The **storage manager** is responsible for maintaining a database's files. It organizes files as a collection of _pages_. It tracks data read/written to pages and the available space.

A **page** is a fixed-size block of data. It can contain tuples, metadata, indexes, log records, etc.  
Most systems do not mix page types and some require pages to be self-contained for disaster recovery purposes.

Each page is given a _unique identifier_. The DBMS uses an indirection layer to map page ids to physical locations.

There are three different notion of "pages" in a DBMS:

- Hardware Page (usually 4KB)
- OS Page (usually 4KB)
- Database Page (512B - 165KB)

Hardware pages are the size at which the device can guarantee a "failsafe write".

Different DBMSs manage pages in files on disk in different ways:

- Heap File Organization
- Sequential / Sorted File Organization
- Hashing File Organization

At this point in the hierarchy it does not matter the content of a page.

### Database Heap File

A **Heap file** is an unordered collection of pages where tuples are stored in random order. Metadata is needed to keep track what pages exist and which have free space.

There are two ways to represent a heap file:

- Linked List
- Page Directory

### Linked List

Maintain a _header page_ at the beginning of the file that stores two pointers:

- HEAD of the _free page list_
- HEAD of the _data page list_

Each page keeps track of the number of free slots in itself.

![linked-list-heap-file]

### Page Directory

The DBMS maintains special pages that track the location of data pages in the database files.  
The directory also records the number of free slots per page.

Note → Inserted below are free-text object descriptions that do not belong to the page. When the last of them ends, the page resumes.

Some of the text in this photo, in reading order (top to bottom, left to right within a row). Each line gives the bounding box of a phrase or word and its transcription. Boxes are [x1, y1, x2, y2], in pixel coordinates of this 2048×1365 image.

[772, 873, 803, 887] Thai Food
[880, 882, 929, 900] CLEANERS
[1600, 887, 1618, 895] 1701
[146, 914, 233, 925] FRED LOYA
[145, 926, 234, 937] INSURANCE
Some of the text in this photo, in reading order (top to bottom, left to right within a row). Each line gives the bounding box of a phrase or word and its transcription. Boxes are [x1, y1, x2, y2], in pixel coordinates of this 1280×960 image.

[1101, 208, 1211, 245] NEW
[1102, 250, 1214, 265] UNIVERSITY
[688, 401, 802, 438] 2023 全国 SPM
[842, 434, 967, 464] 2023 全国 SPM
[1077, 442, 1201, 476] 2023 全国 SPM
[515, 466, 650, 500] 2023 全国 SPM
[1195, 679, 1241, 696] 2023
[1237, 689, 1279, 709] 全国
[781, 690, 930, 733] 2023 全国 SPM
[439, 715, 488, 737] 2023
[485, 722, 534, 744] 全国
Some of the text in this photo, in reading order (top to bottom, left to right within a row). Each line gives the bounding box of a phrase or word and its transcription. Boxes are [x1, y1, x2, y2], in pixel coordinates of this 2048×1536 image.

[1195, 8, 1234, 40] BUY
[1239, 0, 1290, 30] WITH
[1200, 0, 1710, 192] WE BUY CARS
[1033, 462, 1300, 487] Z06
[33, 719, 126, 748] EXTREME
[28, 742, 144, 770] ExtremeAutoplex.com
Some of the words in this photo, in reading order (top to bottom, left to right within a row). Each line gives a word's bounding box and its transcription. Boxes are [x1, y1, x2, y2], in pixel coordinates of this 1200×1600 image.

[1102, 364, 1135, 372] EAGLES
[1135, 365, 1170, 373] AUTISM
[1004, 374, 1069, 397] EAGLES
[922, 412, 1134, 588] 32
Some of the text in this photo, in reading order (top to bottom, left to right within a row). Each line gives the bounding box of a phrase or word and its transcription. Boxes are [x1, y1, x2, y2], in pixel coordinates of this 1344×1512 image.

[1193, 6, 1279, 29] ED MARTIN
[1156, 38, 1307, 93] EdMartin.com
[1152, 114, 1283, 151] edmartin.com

The DBMS has to make sure that the directory pages are in sync with the data pages.

![page-directory]

## Page Layout

Every page contains a _header_ of metadata about the page contents:

- Page Size
- Checksum
- DBMS Version
- Transaction Visibility
- Compression Information

Data inside a page can be organized with two approached:

- Tuple oriented
- Log oriented

### Log Oriented Page Layout

Instead of storing tuples in pages, the DBMS only stores **log records** in the files.

The system appends log records of _how_ the database was modified:

- Inserts store the entire tuple.
- Deletes mark the tuple as deleted.
- Updates contain the delta of just the attributes that were modified.

To read a record, the DBMS scans the log and "recreates" the tuple to find what it needs.

![log-record]

### Tuple Oriented Page Layout

The most common layout scheme is called _slotted  pages_. The slot array maps "slots" to the tuples' starting position offsets.

The header keeps track of:

- the number of used slots.
- the offset of the starting location of the last used slot.

The tuples start from the end of the page and grow "upwards" while the slot array starts from the beginning of the page and grows "downwards".  
When the two meet the page is full.

> **Note**: the position and growing behavior is similar to a program's stack and heap memory

![page-layout]

### Record IDs

The DBMS needs a way to keep track of individual tuple. Each tuple is assigned and unique **record identifier**.  
Most common is `page_id + offset/slot`. They can also contain file location info.

> **Note**: an application _cannot_ rely on record ids to derive meaning.

## Tuple Layout

A tuple is essentially a sequence of bytes. It's the job of the DBMS to interpret those bytes into types and values.

The DBMS's _catalogs_ contain the schema information about tables and can be used to understand the tuple layout.

Each tuple is prefixed with and _header_ that contains metadata about it:

- visibility info (concurrency control)
- bitmap for `NULL` values

Attributes are typically stored in the order in which they are defined while creating the table.

> **Note**: metadata about the schema is _not_ stored.

![tuple-layout]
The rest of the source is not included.